Convert Figma logo to code with AI

ray-project logoray

Ray is an AI compute engine. Ray consists of a core distributed runtime and a set of AI Libraries for accelerating ML workloads.

34,860
5,928
34,860
4,258

Top Related Projects

12,495

Parallel computing with task scheduling

40,184

Apache Spark - A unified analytics engine for large-scale data processing

14,221

Distributed training framework for TensorFlow, Keras, PyTorch, and Apache MXNet.

35,868

DeepSpeed is a deep learning optimization library that makes distributed training and inference easy, efficient, and effective.

85,015

Tensors and Dynamic neural networks in Python with strong GPU acceleration

18,503

Open source platform for the machine learning lifecycle

Quick Overview

Ray is an open-source distributed computing framework that enables scaling Python applications from a laptop to a cluster.
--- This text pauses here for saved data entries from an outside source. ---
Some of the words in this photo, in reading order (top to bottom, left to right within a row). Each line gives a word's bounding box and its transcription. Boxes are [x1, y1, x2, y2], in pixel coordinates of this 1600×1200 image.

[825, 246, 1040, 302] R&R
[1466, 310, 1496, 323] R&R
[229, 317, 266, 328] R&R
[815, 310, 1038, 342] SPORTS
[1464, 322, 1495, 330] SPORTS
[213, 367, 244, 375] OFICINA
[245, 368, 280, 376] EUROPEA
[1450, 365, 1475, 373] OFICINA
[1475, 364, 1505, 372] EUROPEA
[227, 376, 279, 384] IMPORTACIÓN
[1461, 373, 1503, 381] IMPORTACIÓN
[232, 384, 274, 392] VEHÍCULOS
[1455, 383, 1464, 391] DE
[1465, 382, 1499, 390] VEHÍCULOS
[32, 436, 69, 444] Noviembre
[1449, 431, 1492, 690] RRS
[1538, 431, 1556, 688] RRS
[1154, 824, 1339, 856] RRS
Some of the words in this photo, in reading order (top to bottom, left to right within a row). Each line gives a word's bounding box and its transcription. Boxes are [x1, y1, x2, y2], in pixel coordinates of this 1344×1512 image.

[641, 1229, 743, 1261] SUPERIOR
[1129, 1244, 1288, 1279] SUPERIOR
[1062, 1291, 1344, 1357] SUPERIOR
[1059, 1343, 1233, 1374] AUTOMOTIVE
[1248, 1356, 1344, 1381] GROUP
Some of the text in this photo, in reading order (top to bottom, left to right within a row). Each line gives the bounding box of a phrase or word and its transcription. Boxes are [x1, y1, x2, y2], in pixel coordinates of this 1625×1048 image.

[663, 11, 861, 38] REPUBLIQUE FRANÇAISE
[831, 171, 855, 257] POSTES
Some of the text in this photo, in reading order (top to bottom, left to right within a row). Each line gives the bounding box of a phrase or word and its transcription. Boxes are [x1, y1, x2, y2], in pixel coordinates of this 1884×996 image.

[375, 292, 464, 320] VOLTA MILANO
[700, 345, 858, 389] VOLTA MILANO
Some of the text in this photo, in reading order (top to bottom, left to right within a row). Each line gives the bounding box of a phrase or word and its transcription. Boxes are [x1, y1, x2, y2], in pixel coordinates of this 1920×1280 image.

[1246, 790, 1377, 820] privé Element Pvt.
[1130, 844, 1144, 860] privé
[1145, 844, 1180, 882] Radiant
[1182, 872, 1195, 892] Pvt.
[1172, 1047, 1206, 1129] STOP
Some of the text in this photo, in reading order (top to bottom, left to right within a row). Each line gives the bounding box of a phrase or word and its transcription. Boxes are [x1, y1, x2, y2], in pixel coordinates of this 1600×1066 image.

It provides a simple, universal API for building distributed applications and includes libraries for machine learning, reinforcement learning, and other compute-intensive tasks.

Pros

  • Seamless scaling from local development to large clusters
  • Rich ecosystem of libraries for AI/ML tasks (e.g., Ray Tune, RLlib)
  • Easy-to-use API for distributed computing
  • Active community and regular updates

Cons

  • Steeper learning curve for complex distributed systems
  • Documentation can be overwhelming for beginners
  • Some features may be overkill for smaller projects
  • Occasional stability issues in cutting-edge features

Code Examples

  1. Simple parallel task execution:
import ray

@ray.remote
def f(x):
    return x * x

ray.init()
futures = [f.remote(i) for i in range(4)]
print(ray.get(futures))  # [0, 1, 4, 9]
  1. Distributed machine learning with Ray Tune:
from ray import tune

def objective(config):
    score = config["x"] ** 2 + config["y"] ** 2
    return {"score": score}

analysis = tune.run(
    objective,
    config={
        "x": tune.uniform(-10, 10),
        "y": tune.uniform(-10, 10),
    },
    num_samples=100
)

print("Best config:", analysis.get_best_config(metric="score", mode="min"))
  1. Actor-based stateful computation:
import ray

@ray.remote
class Counter:
    def __init__(self):
        self.value = 0

    def increment(self):
        self.value += 1
        return self.value

ray.init()
counter = Counter.remote()
print(ray.get([counter.increment.remote() for _ in range(5)]))  # [1, 2, 3, 4, 5]

Getting Started

To get started with Ray:

  1. Install Ray:
pip install ray
  1. Import Ray and initialize:
import ray
ray.init()
  1. Define remote functions or actors:
@ray.remote
def my_function(x):
    return x * 2

result = ray.get(my_function.remote(4))
print(result)  # 8

For more advanced usage, refer to the official Ray documentation for specific libraries and use cases.

Competitor Comparisons

12,495

Parallel computing with task scheduling

Pros of Dask

  • Seamless integration with NumPy and Pandas, making it easier for data scientists familiar with these libraries
  • More mature and established ecosystem for data analysis and scientific computing
  • Better support for out-of-core computations and handling larger-than-memory datasets

Cons of Dask

  • Less suitable for general-purpose distributed computing tasks
  • Limited support for machine learning workloads compared to Ray
  • Slower performance for certain types of parallel computations

Code Comparison

Dask:

import dask.dataframe as dd

df = dd.read_csv('large_file.csv')
result = df.groupby('column').mean().compute()

Ray:

import ray
import pandas as pd

@ray.remote
def process_chunk(chunk):
    return chunk.groupby('column').mean()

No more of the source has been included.